The end of this quest is not the end of the line however, and once I hit 110 today there is a coda. I know what this is, having had that surprise taken from me last night by someone who I can 100% guarantee did not mean to spoil me, but did. The fact I’m still annoyed at this after a night’s sleeps means that this questline’s had a significant impact. I don’t think ill or badly at all towards the person, for the record: what they’ve done is merely cement the belief that plot isn’t the only thing that’s important in Azeroth. History matters more, and the lore retconning that’s taking place puts some interesting conflicts into the mix, especially if histories will be re-written to support the direction the narrative’s now taking. It means that when I level anyone else with a crafting profession, there’ll need to be time and thought given to where they start, what they’re equipped with and how I move forward with their journeys not as alts, but characters.

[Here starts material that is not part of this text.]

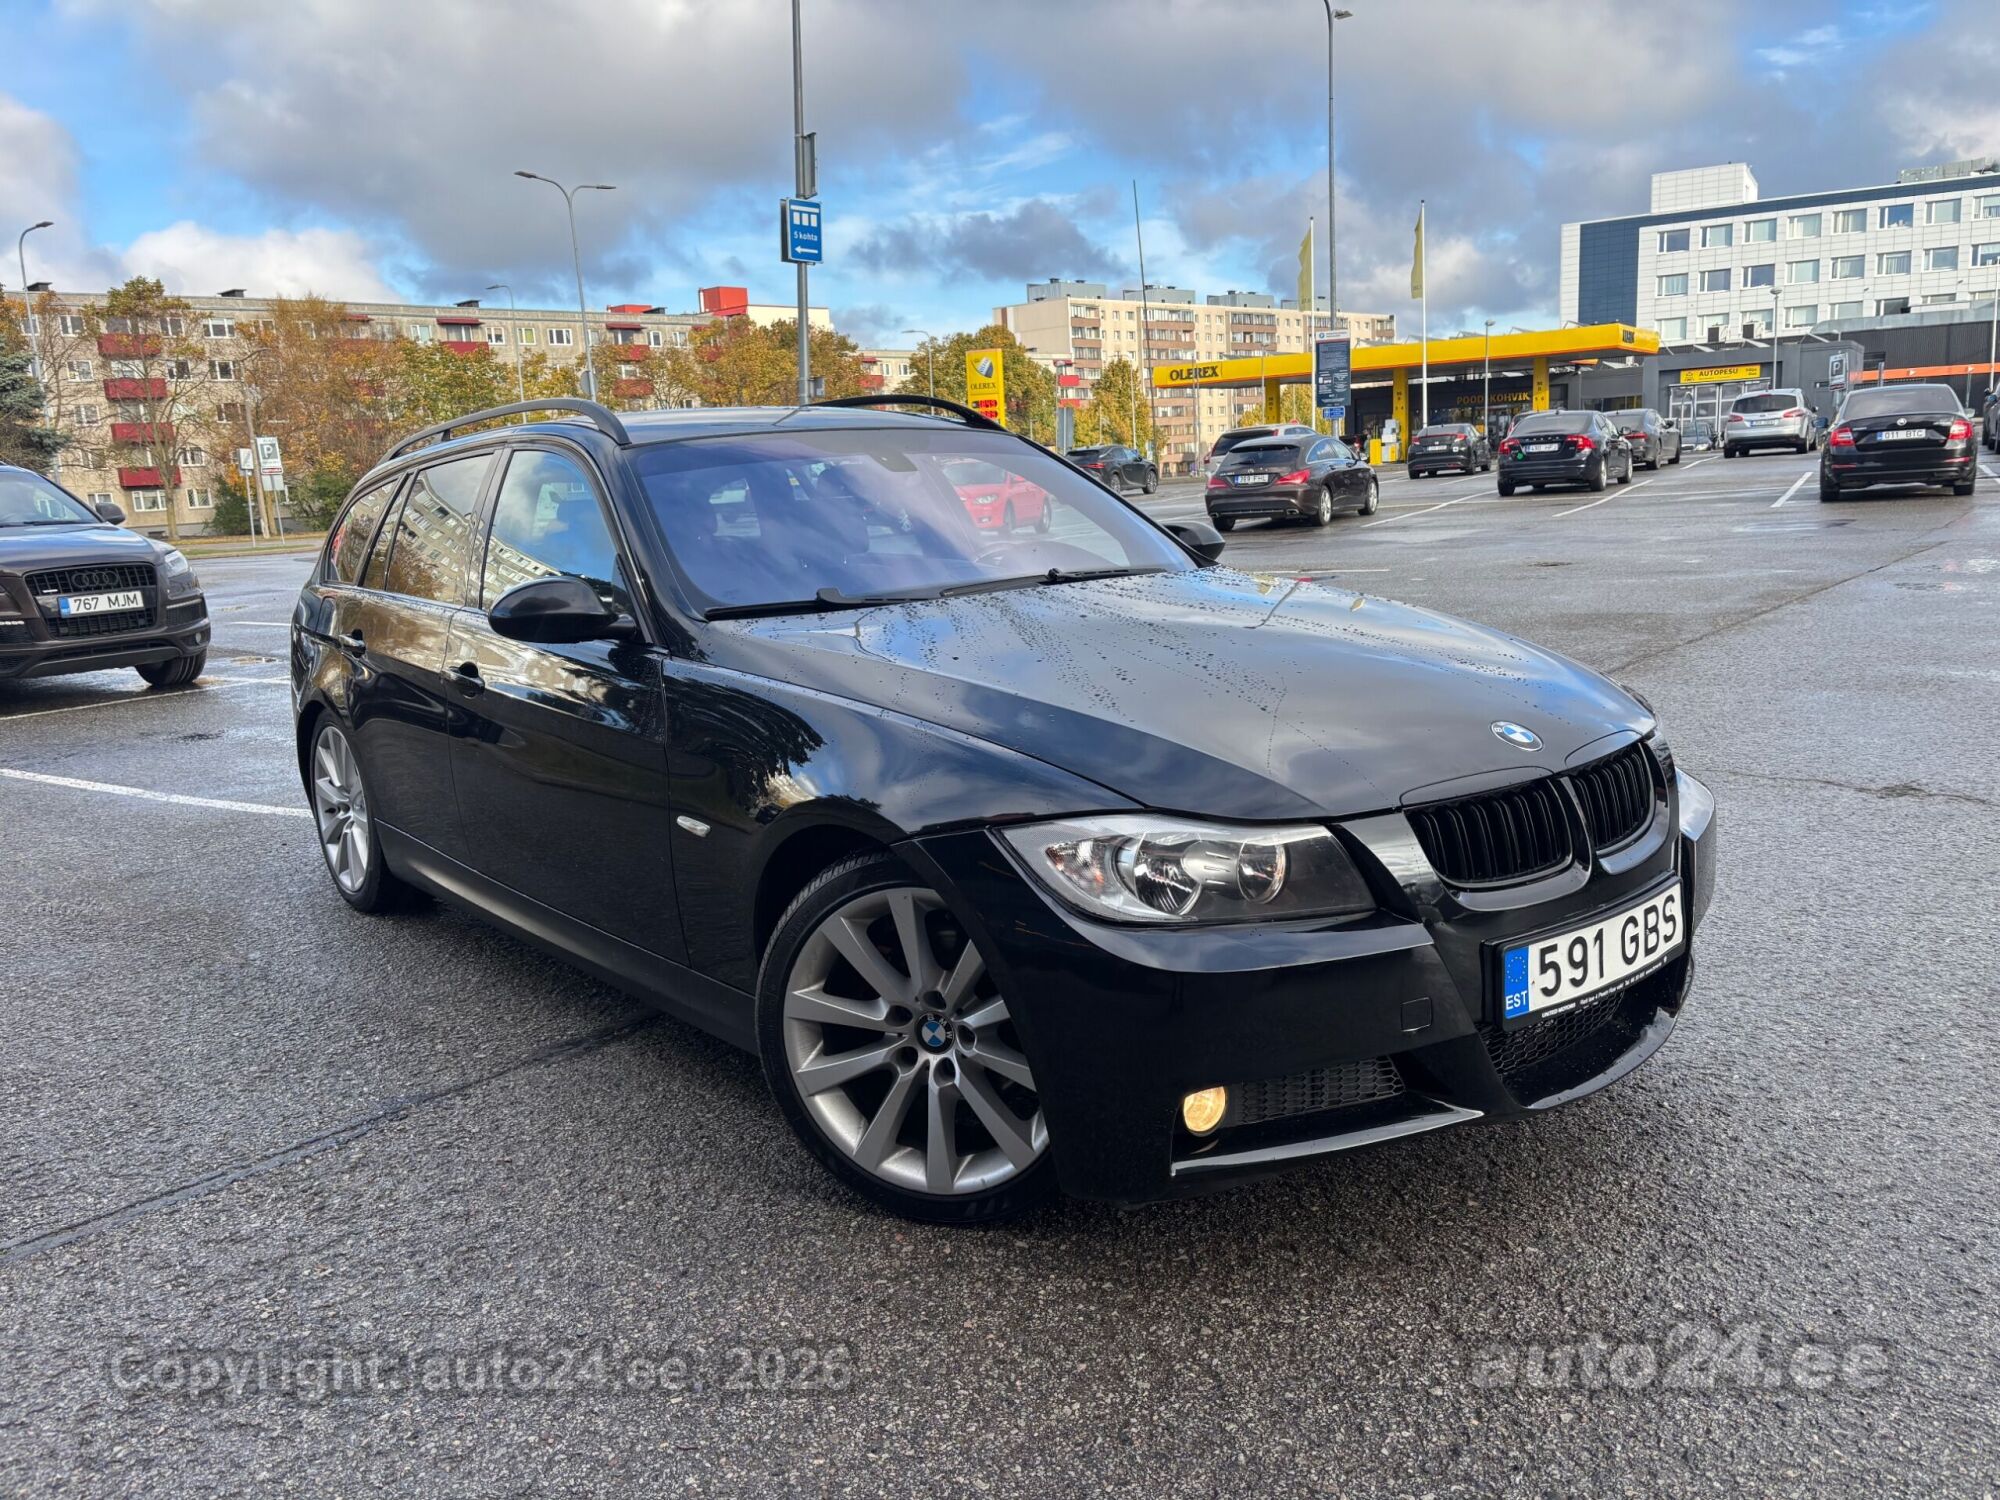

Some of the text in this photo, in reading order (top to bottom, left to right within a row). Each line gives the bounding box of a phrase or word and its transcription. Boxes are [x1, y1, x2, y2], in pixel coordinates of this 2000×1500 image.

One of Activision Blizzard’s main objectives this Expansion was to instil as sense of ‘class fantasy’ with the Artefact weapons. What’s also happened here is a sense of ‘profession fantasy’ with Leatherworking. After a decade plus of plying my trade, I have rediscovered the reason why I’m here: it takes time to complete the best work, there is thought and effort with every craft. The fact at the end I am rewarded with something rare and unique, that this isn’t simply deposited in my bags and has to be earnt? So much the better. It also means that, for a subset of players for whom this task has always been a chore and never an adventure, there is a chance to pull them back into the game world and away from the constant desire simply to make money from the Auction House. Whether this works, of course, is yet to be seen, but it makes for very interesting dilemmas along the way.
Once I hit end game, I have a whole new set of adventures ahead of me. I doubt however any will have quite the impact that Leatherworking has had on my view of Azeroth and how I fit within it. For that, I may never find a way to thank Activision Blizzard enough.